_Entries shown_
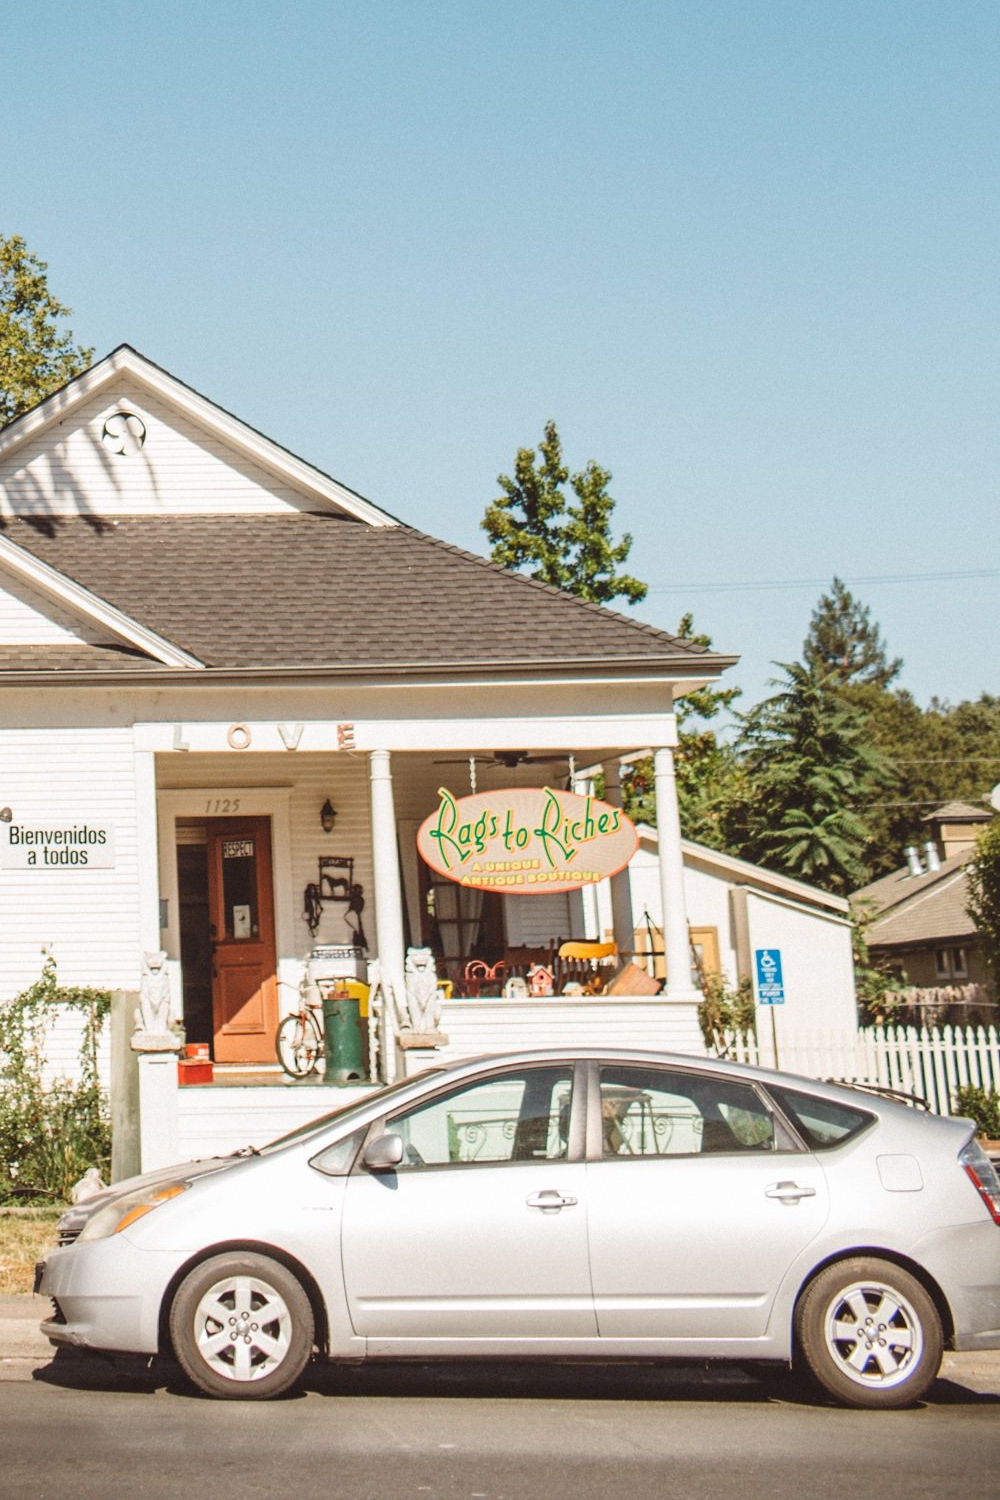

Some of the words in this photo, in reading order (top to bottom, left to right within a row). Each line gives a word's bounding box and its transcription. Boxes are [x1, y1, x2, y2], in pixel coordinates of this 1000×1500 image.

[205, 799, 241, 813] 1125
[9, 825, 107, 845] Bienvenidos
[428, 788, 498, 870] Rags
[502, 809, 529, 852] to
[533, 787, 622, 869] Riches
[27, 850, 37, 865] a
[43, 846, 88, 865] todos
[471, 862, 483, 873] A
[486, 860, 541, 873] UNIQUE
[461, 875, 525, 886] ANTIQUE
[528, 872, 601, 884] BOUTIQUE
...
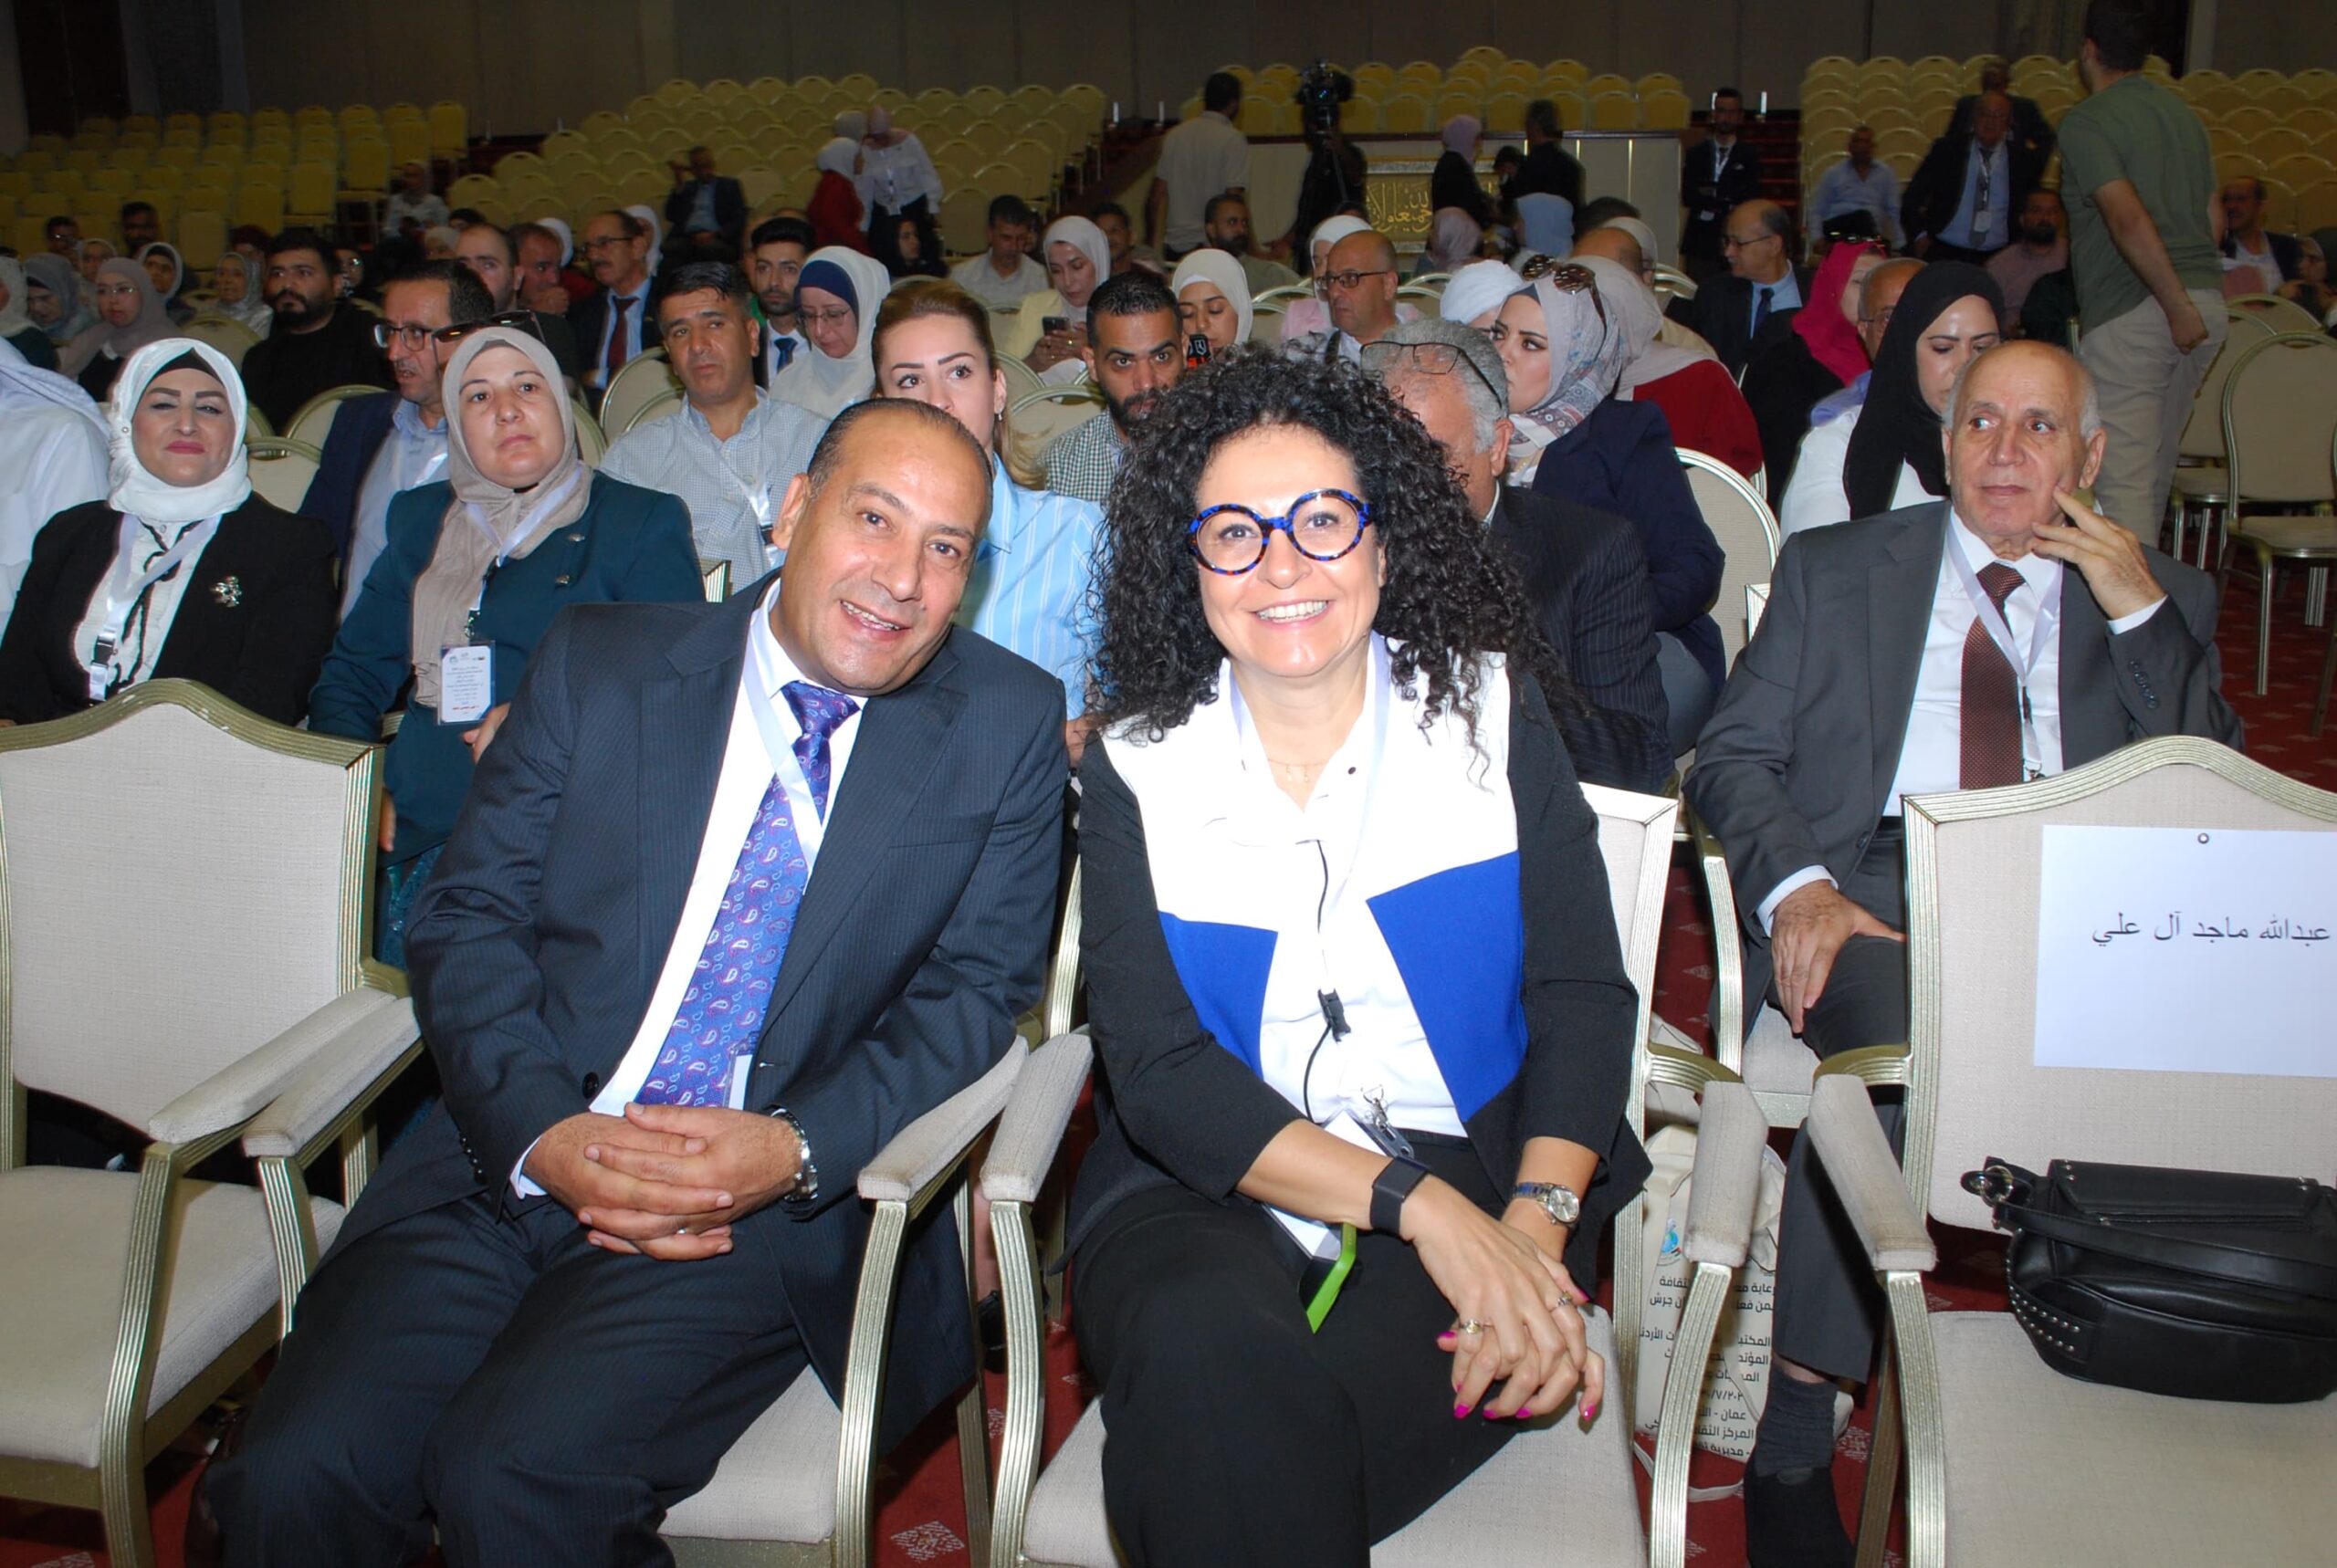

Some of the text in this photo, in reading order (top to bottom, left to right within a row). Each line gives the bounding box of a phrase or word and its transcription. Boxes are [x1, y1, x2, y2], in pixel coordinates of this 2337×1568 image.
* * *
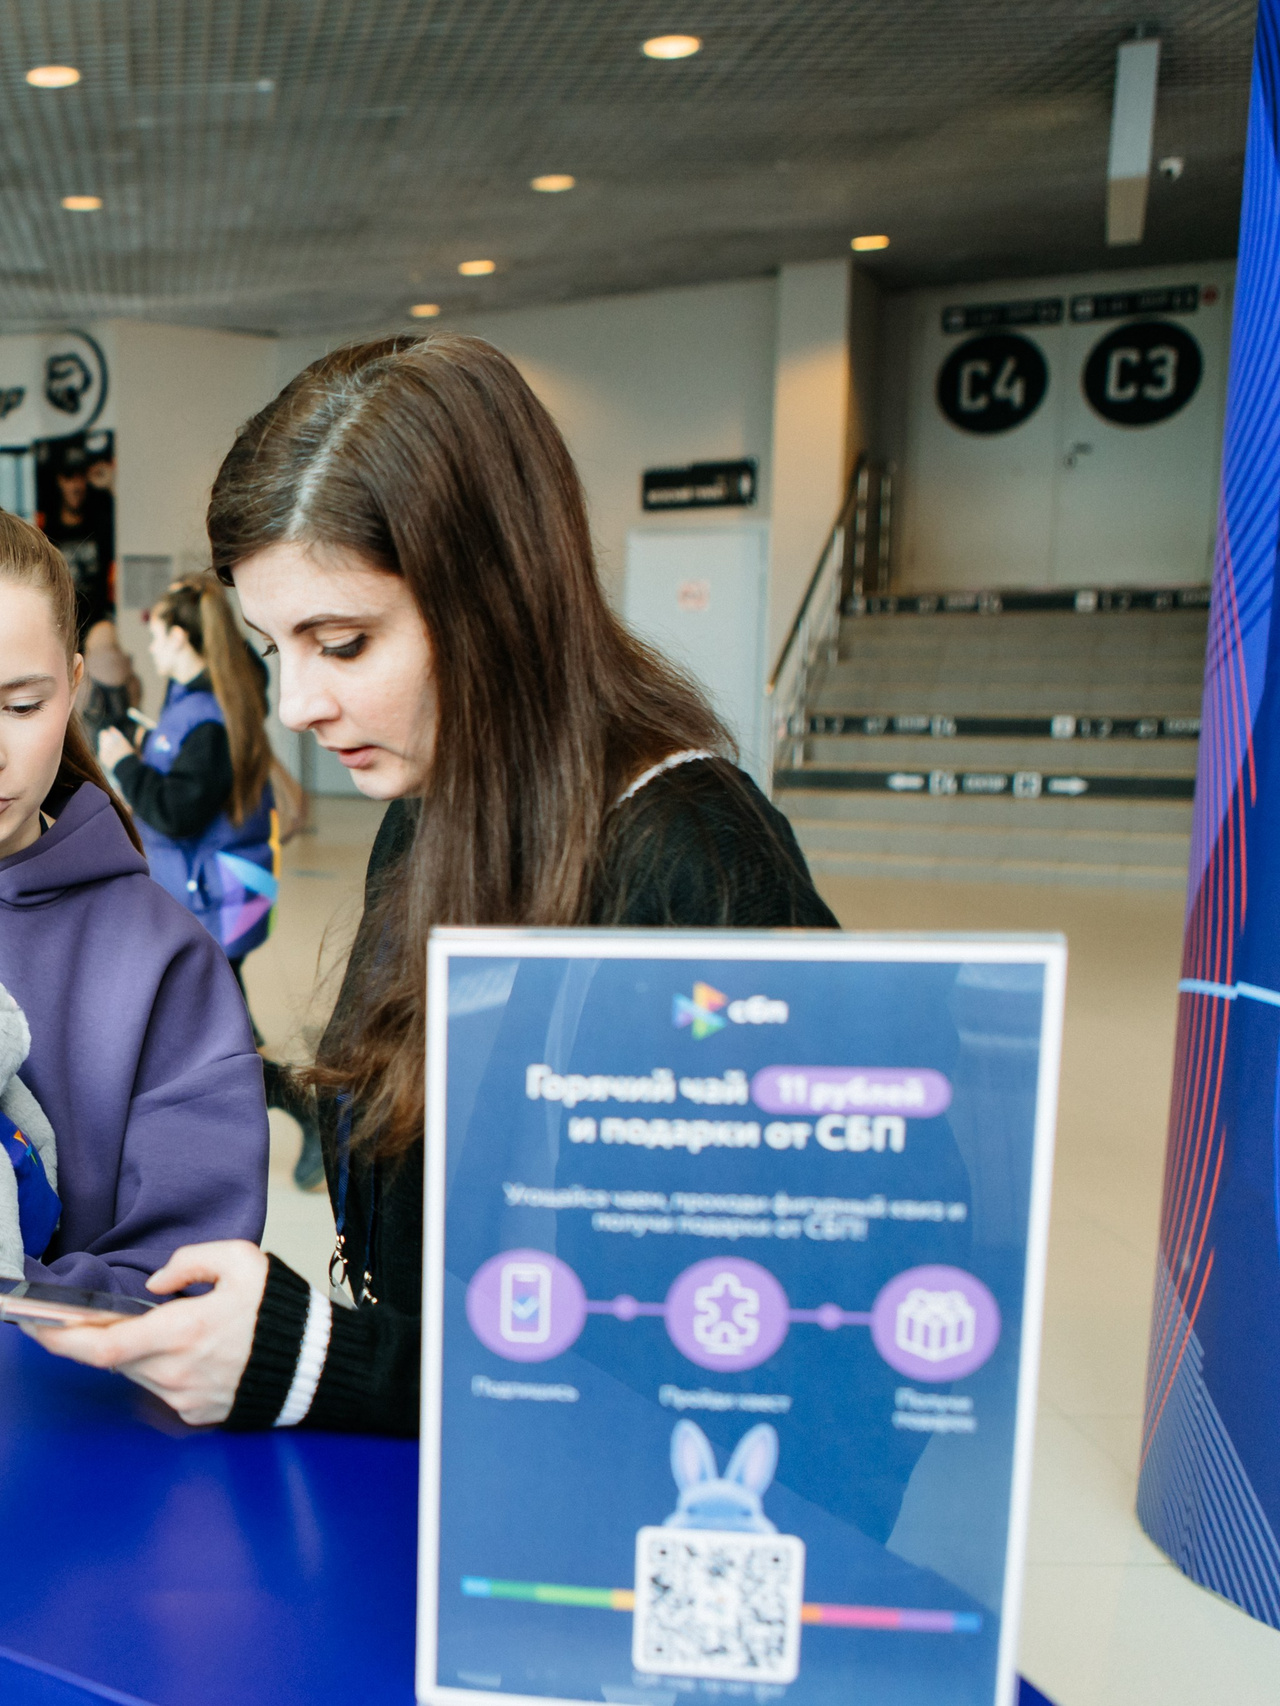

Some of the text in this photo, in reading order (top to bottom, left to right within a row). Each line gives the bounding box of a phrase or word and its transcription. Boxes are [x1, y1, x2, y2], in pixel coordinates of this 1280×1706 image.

_What to work on_
Each line of the material above that contains the word "text" counts once; report the total and nothing else.

_Problem solution_
2